Originally from Chicago, Manson had traveled the country to preach, working to help establish a Pentecostal church about two decades ago in the small city of Kosciusko, Mississippi, said Bertha Levy, who knew him there. She said she later cared for one of his two sons after Manson and his then-wife hit hard times, and he moved to California in search of better prospects.
In recent years, Manson had traveled among New York, Denver and the Los Angeles area, according to his online videos and to Karlin Chan, a Chinatown community activist who’d converse with Manson periodically about his various interests.
“I never saw him angry. I never saw him bother people. He would just sit there and do his own thing,” Chan said.
Manson’s brother told The New York Times his family didn’t know he was homeless and in New York.

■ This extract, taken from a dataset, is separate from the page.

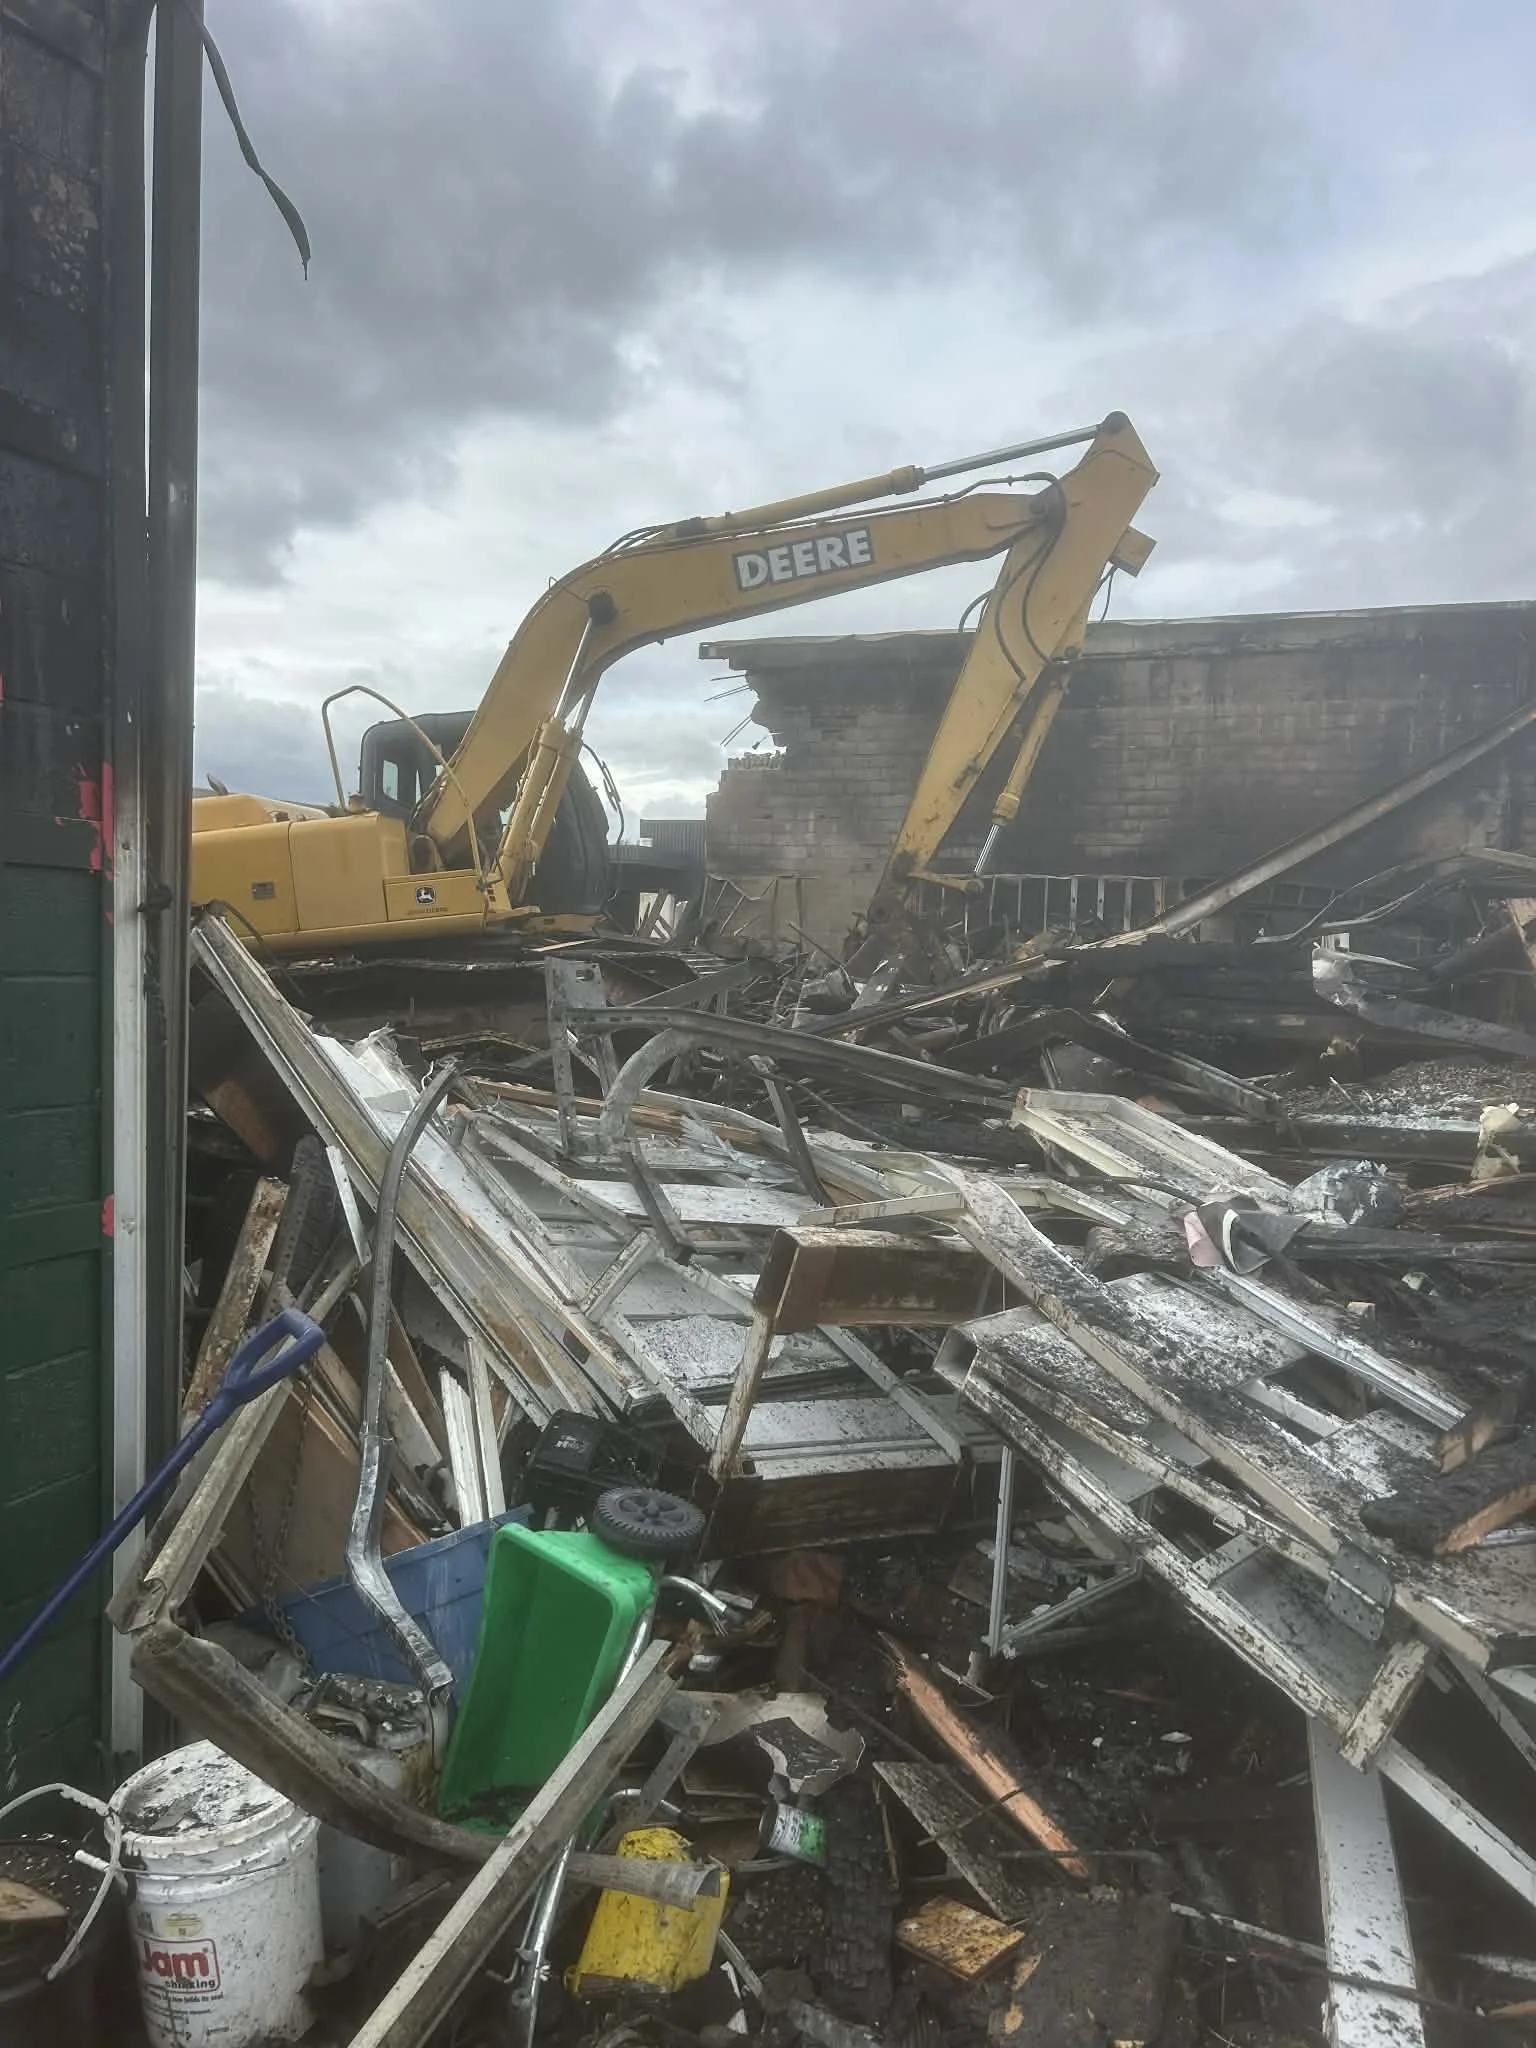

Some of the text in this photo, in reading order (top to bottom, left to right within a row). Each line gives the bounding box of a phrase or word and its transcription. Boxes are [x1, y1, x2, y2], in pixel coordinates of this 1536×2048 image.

[736, 528, 872, 589] DEERE
[142, 1940, 210, 1978] Jam
[165, 1979, 216, 1990] shrking
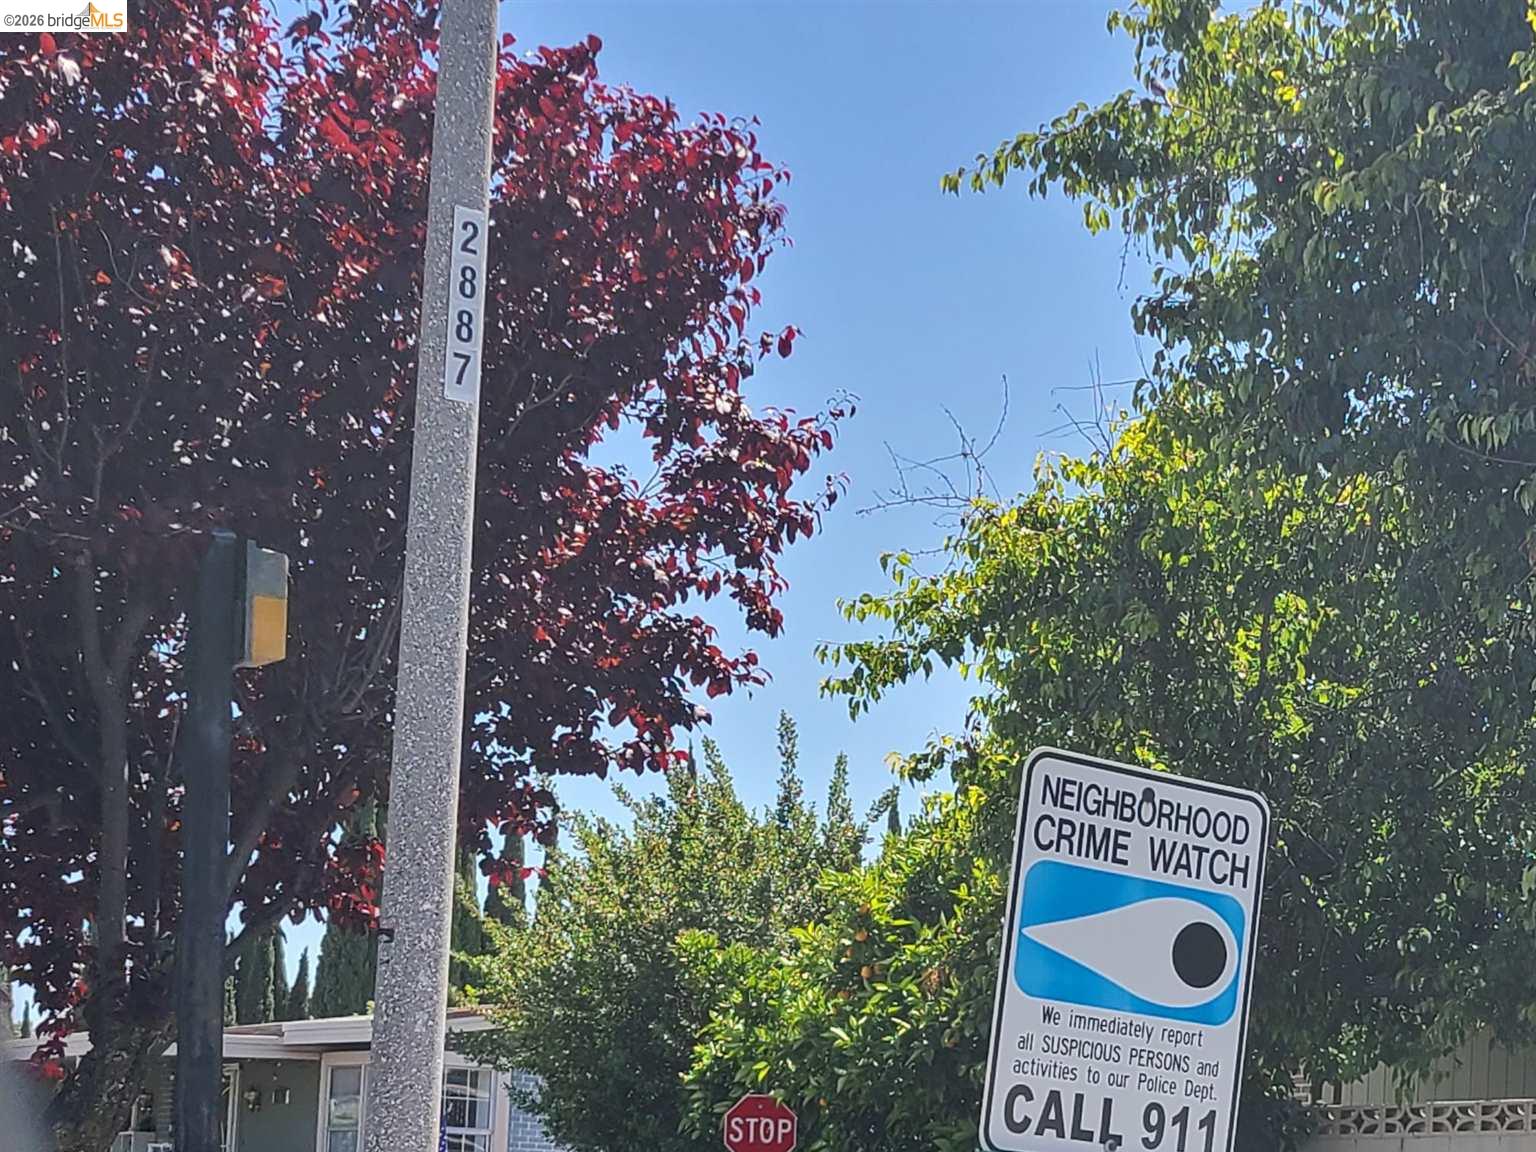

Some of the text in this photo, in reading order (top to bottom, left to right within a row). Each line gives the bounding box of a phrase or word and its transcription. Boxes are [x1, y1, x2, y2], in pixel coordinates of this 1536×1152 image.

Vásquez Villegas, 55, had a home to go to on Staten Island, where the Mexican-born man was a father and grandfather in a big family, and he had a job as a factory worker, relatives told reporters.
A congenial man, he made lots of friends, his family said. He liked to shoot the breeze with pals on a Chinatown corner, apparently fell asleep there, and just “was in the wrong place and at the wrong time,” said his daughter Guadelupe.
“My father was a lovely man who always worked for us and loved us very much,” she said.
It took nearly two weeks for authorities to identify Moran, 39, who had no known address. No one immediately responded to messages left for possible relatives.